Nel 1998, l'allora sindaco di Roma, Francesco Rutelli rifiutò di intitolare il nuovo auditorium della musica all'allora scomparso Lucio Battisti (morto il 9 settembre di quell'anno) bocciando la proposta del consiglio comunale con motivazioni culturali e politiche. Pochi hanno contribuito più di lui a cambiare regole e abitudini della canzone italiana, e a dieci anni di distanza dalla sua morte, rimane intatto il mito. E’ stato grazie alle sue intuizioni che la canzone italiana da hit parade ha scoperto suoni e soluzioni tipiche della musica nera prima e del rock poi. La magica simbiosi con i test di Mogol ha permesso poi a questi brani di essere accolti come la traduzione in musica di inquietudini, emozioni, mutamenti sociali, sessuali e di costume dell’epoca. Rivoluzionario senza fare la rivoluzione, a cavallo fra gli anni 60 e gli inizi degli 80, gli anni in cui la cultura veniva "turbata" da ventate di "illibertà" provenienti dagli USA e dalla Gran Bretagna, Battisti percorse una strada alternativa ai cantautori dell'epoca. Si mantenne distante dalle ideologie del momento, ma seppe riportare i suoi valori dandone nuove vesti, "sapevamo che era di destra, e basta" - disse Pierangelo Bertoli. Riusci a parlare a tutti i giovani sia diestra che di sinistra, nel '78 alcune sue opere furono trovate, con stupore, dai carabinieri nel covo dei brigatisti a Milano. E mentre in tanti, artisti, musicisti e politici, in quei anni provavano a riscrivere la storia d'Italia, lui in groppa al suo cavallo assieme a Mogol, decise i trasferirsi da Milano a Roma con lo stupore della stampa di allora.

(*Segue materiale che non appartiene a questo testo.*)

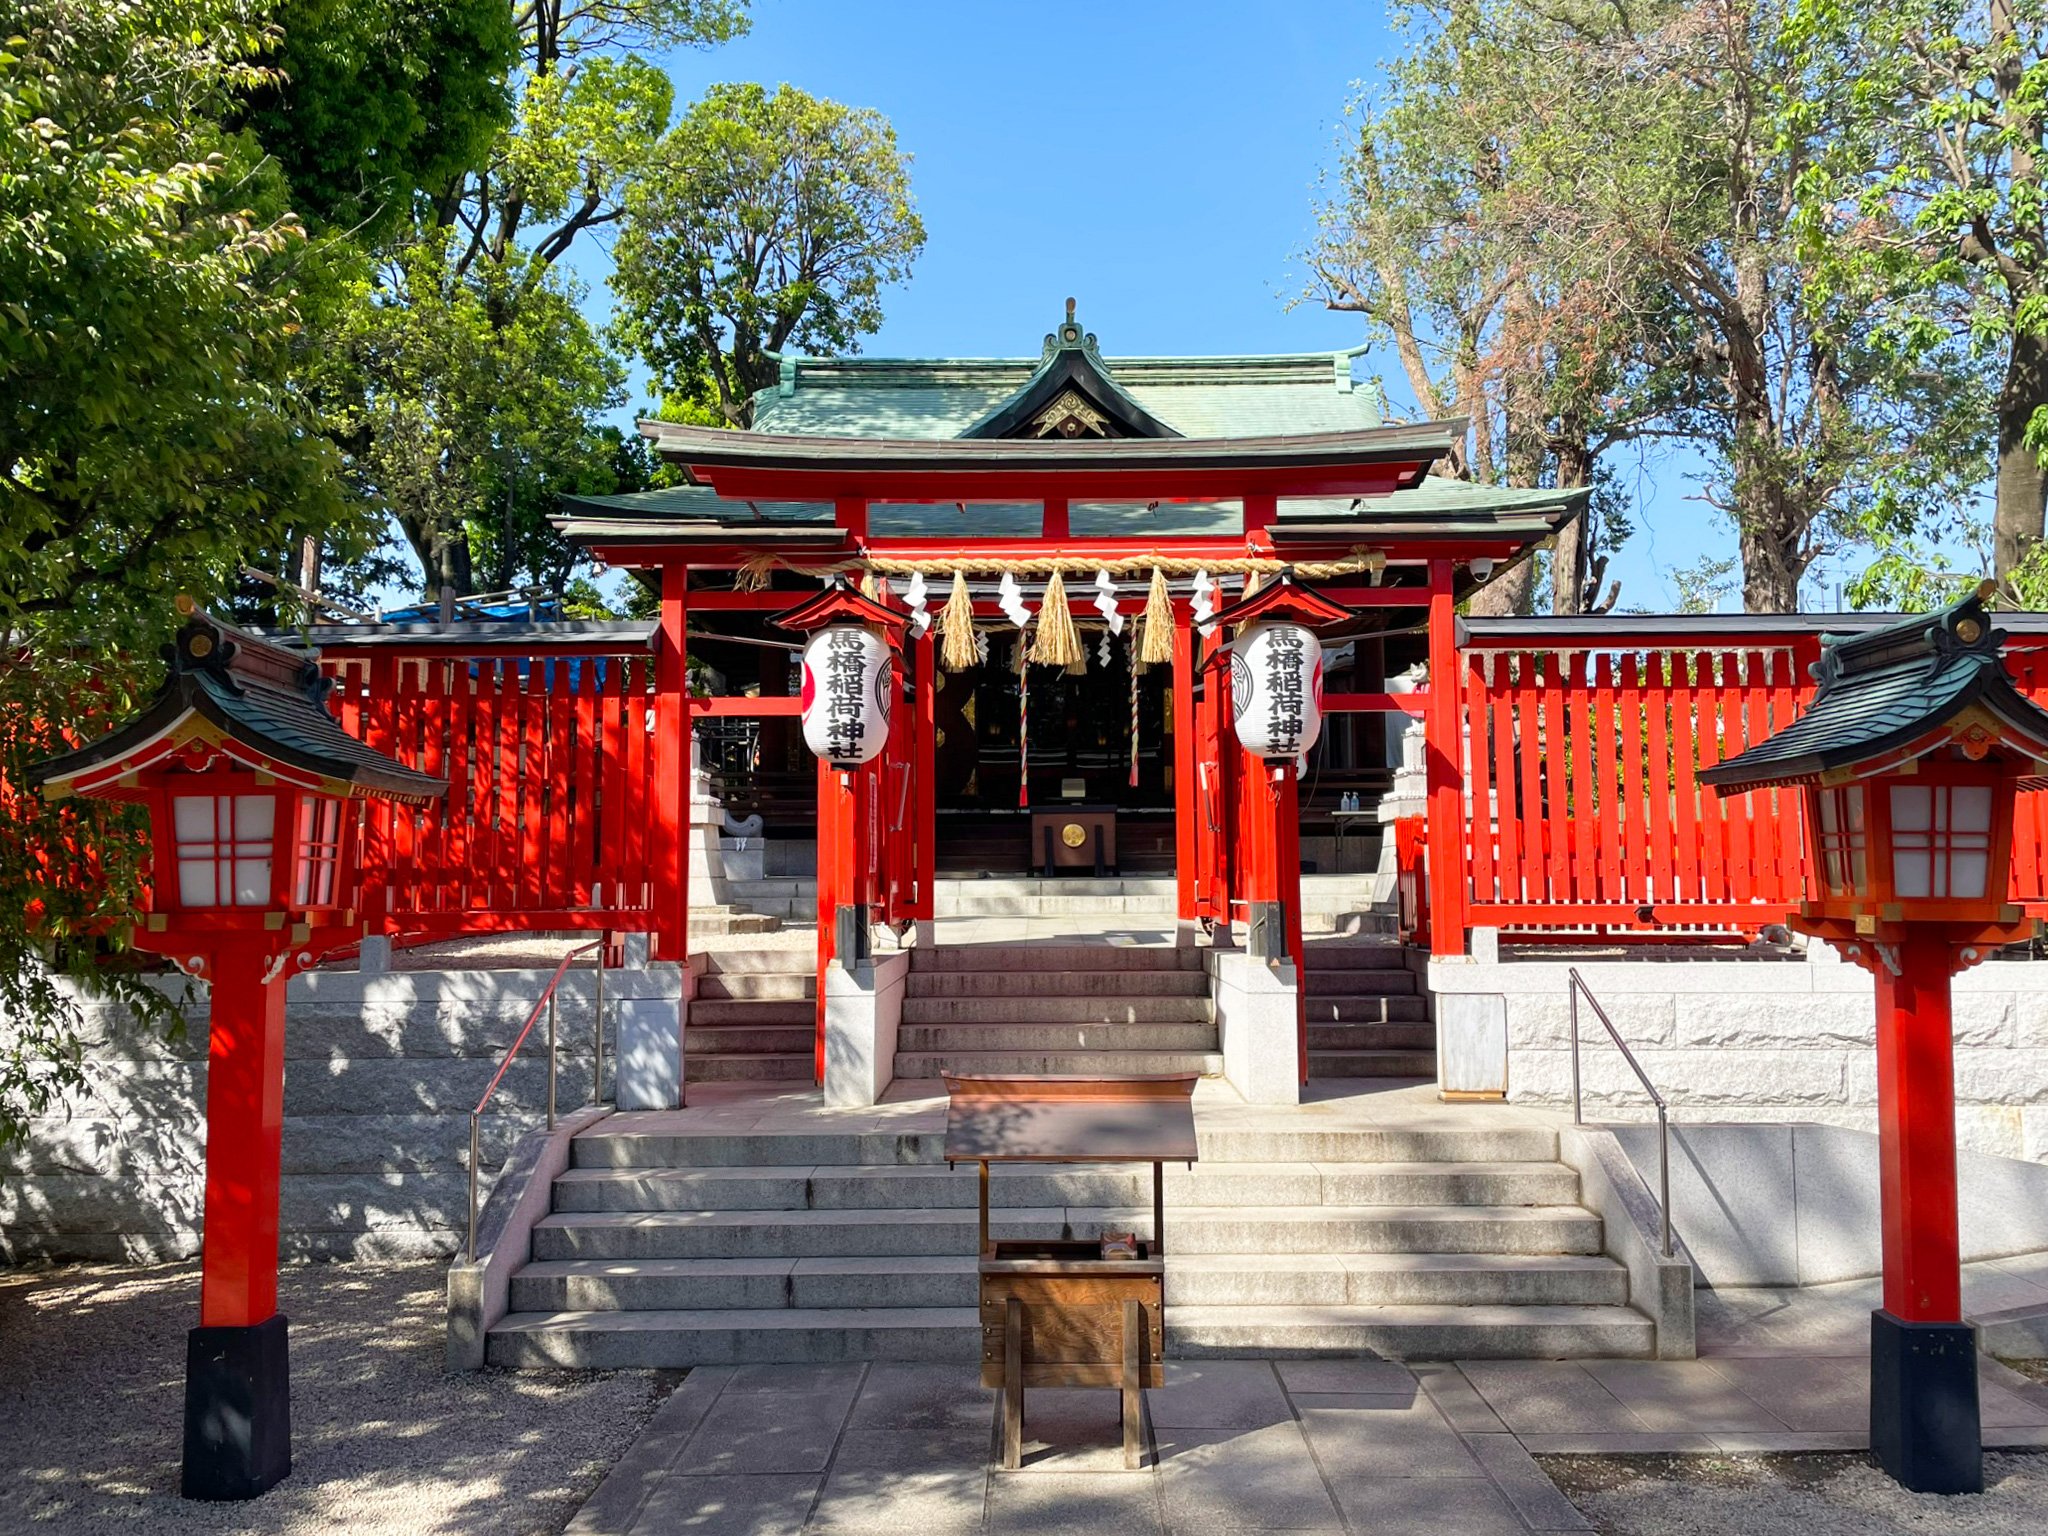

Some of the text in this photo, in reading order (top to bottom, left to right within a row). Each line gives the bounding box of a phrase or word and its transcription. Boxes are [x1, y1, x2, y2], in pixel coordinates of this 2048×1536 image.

[826, 630, 867, 759] 馬橋稲荷神社
[1265, 627, 1304, 754] 馬橋稲荷神社

Al cantagiri del '68, Battisti spopola con "Balla Linda" ma la giuria non lo premia, infatti quando gli fu detto di essere giunto solo quarto, dietro a Caterina Caselli, gli Showmen e Mino Reitano, Lucio senza sconvolgersi disse: "tra un mese le loro canzoni saranno dimenticate, la mia no... gli altri passano, io resto".

2 commenti:
c'avevo pensato anche io a Lucio come personaggio del mese ed evidentemente ogni tanto la sintonia con cavaliere torna a farsi viva...che dire battisti stava a destra? si? no? forse? e chissenefrega...Battisti era un genio della musica italiana. punto. le parole erano di mogol? vero ma provate a sentire le cover (le ultime sono quelle dei pooh) e vi garantisco che non sentirete lo stesso brivido...c'era qualcosa di più nella sua voce, nel suo modo di cantare, nel suo atteggiamento...qualcosa di molto di più...è storia della musica e accompagnerà ancora tante e tante generazioni nelle strimpellate cn la chitara sui pullman in gita o ai falò di ferragosto...Ciao Lucio, e grazie...
Dallo spazio virtuale poniamo le più sentite condoglianze al Prof. Nigro Franco (Presidente di AN a Ceglie Messapica) per la perdita della suocera.
Sentite condoglianze dal coordinamento di Generazione Protagonista di Ceglie Messapica e da tutta Azione Universitaria Politecnico di Bari.